About this task » Your task is to transcribe the entries below exactly, beginning with the line containing "this 1200×1800 image." and ending with the final line, and to add nothing else.

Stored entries
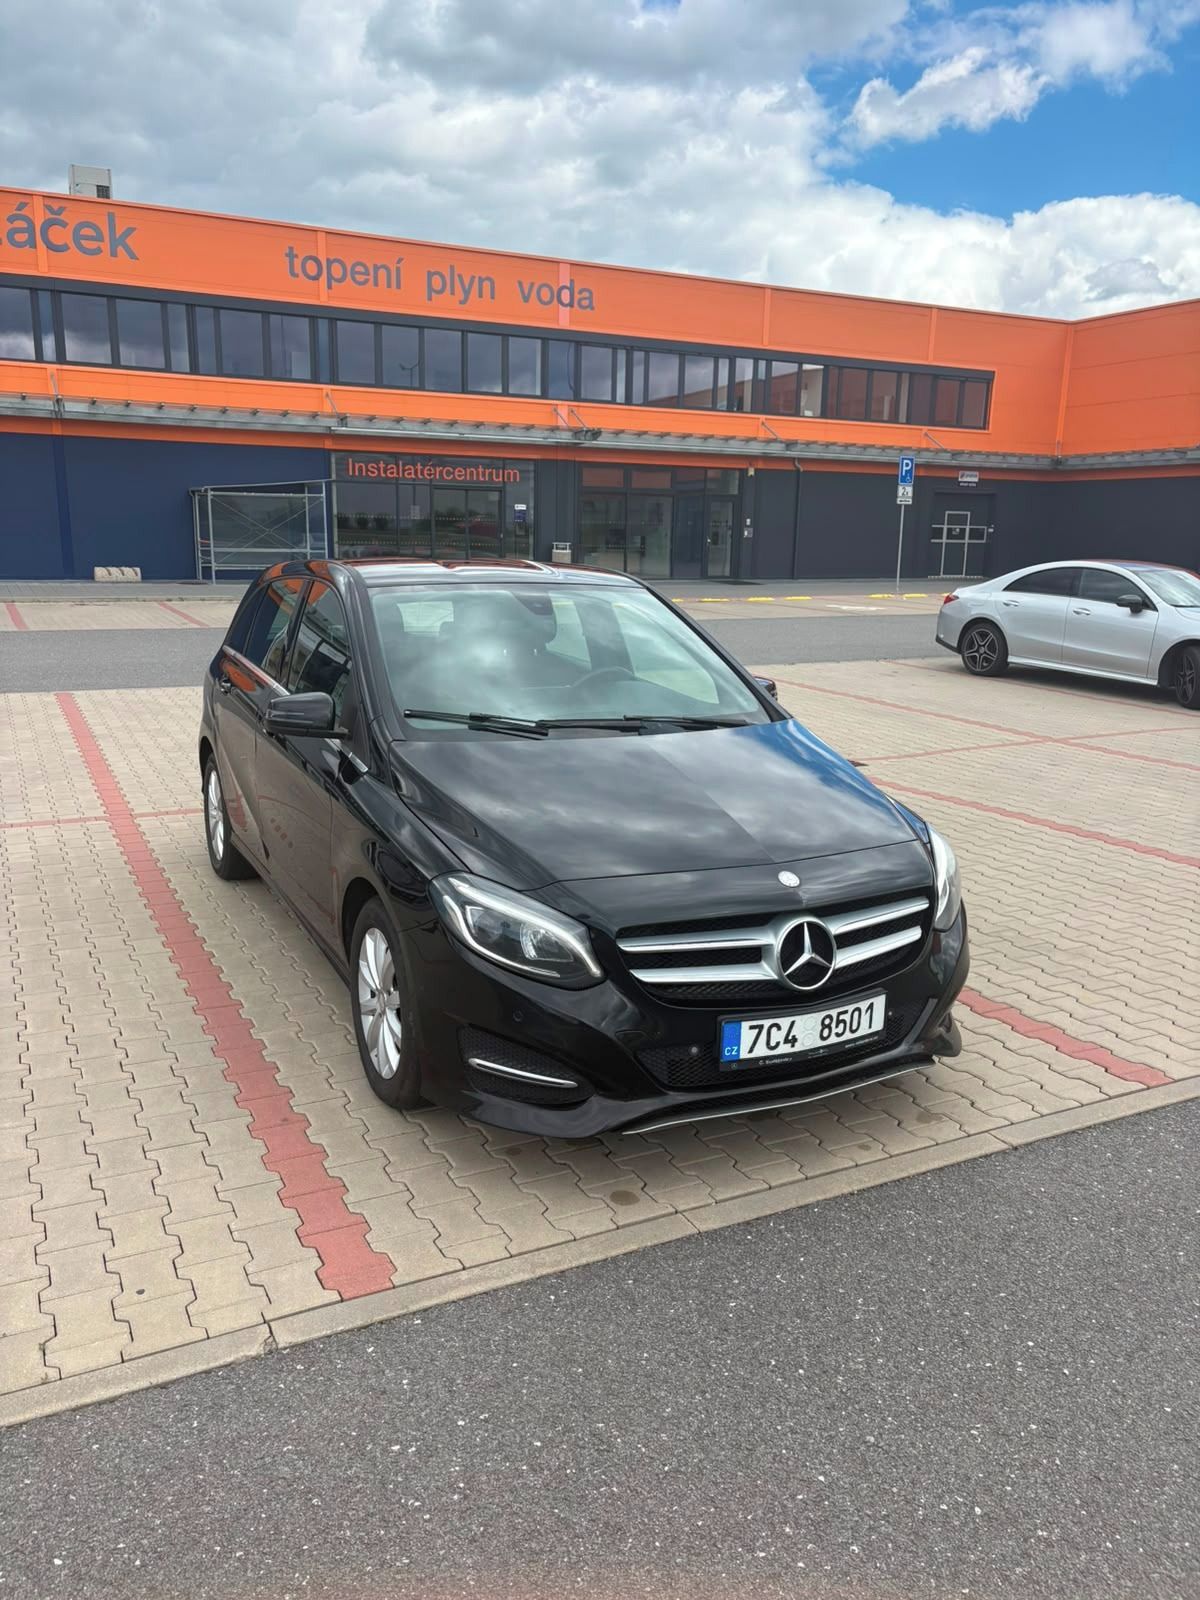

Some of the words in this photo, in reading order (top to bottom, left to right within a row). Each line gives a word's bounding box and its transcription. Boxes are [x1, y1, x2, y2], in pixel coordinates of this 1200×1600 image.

[0, 201, 139, 261] áček
[284, 246, 404, 290] topení
[426, 264, 496, 306] plyn
[517, 278, 595, 311] voda
[348, 458, 520, 482] Instalatércentrum
[902, 460, 912, 477] P
[747, 1020, 799, 1055] 7C4
[819, 1002, 875, 1042] 8501
[724, 1046, 738, 1056] CZ
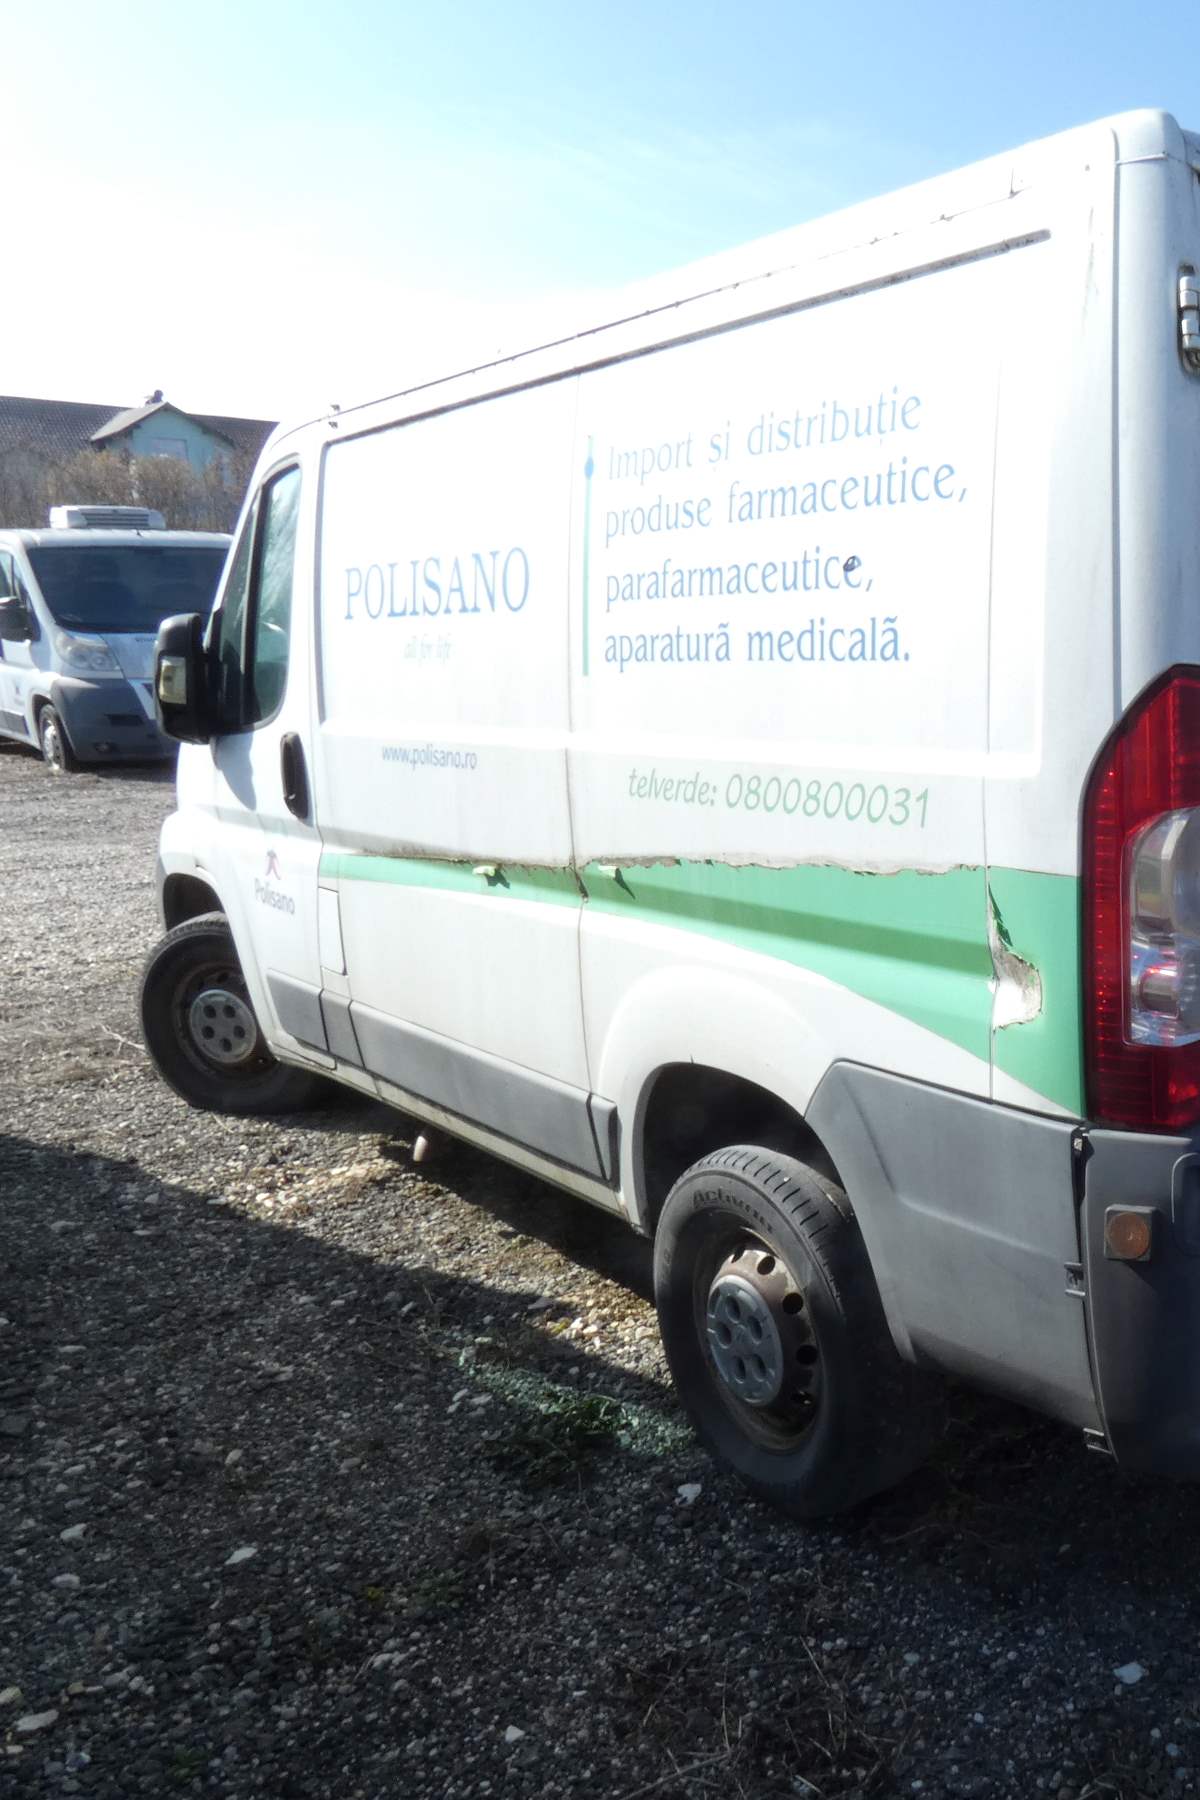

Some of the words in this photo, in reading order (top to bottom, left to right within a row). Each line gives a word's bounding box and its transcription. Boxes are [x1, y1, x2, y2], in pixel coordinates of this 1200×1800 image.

[607, 431, 694, 486] Import
[605, 494, 713, 549] produse
[728, 455, 967, 523] farmaceutice,
[344, 546, 529, 620] POLISANO
[605, 545, 873, 613] parafarmaceutice,
[382, 744, 478, 771] www.polisano.ro
[628, 767, 717, 807] telverde:
[725, 773, 929, 829] 0800800031
[254, 877, 296, 915] Polisano

Final answer »
Some of the words in this photo, in reading order (top to bottom, left to right within a row). Each line gives a word's bounding box and its transcription. Boxes are [x1, y1, x2, y2], in pixel coordinates of this 1200×1800 image.

[607, 431, 694, 486] Import
[605, 494, 713, 549] produse
[728, 455, 967, 523] farmaceutice,
[344, 546, 529, 620] POLISANO
[605, 545, 873, 613] parafarmaceutice,
[382, 744, 478, 771] www.polisano.ro
[628, 767, 717, 807] telverde:
[725, 773, 929, 829] 0800800031
[254, 877, 296, 915] Polisano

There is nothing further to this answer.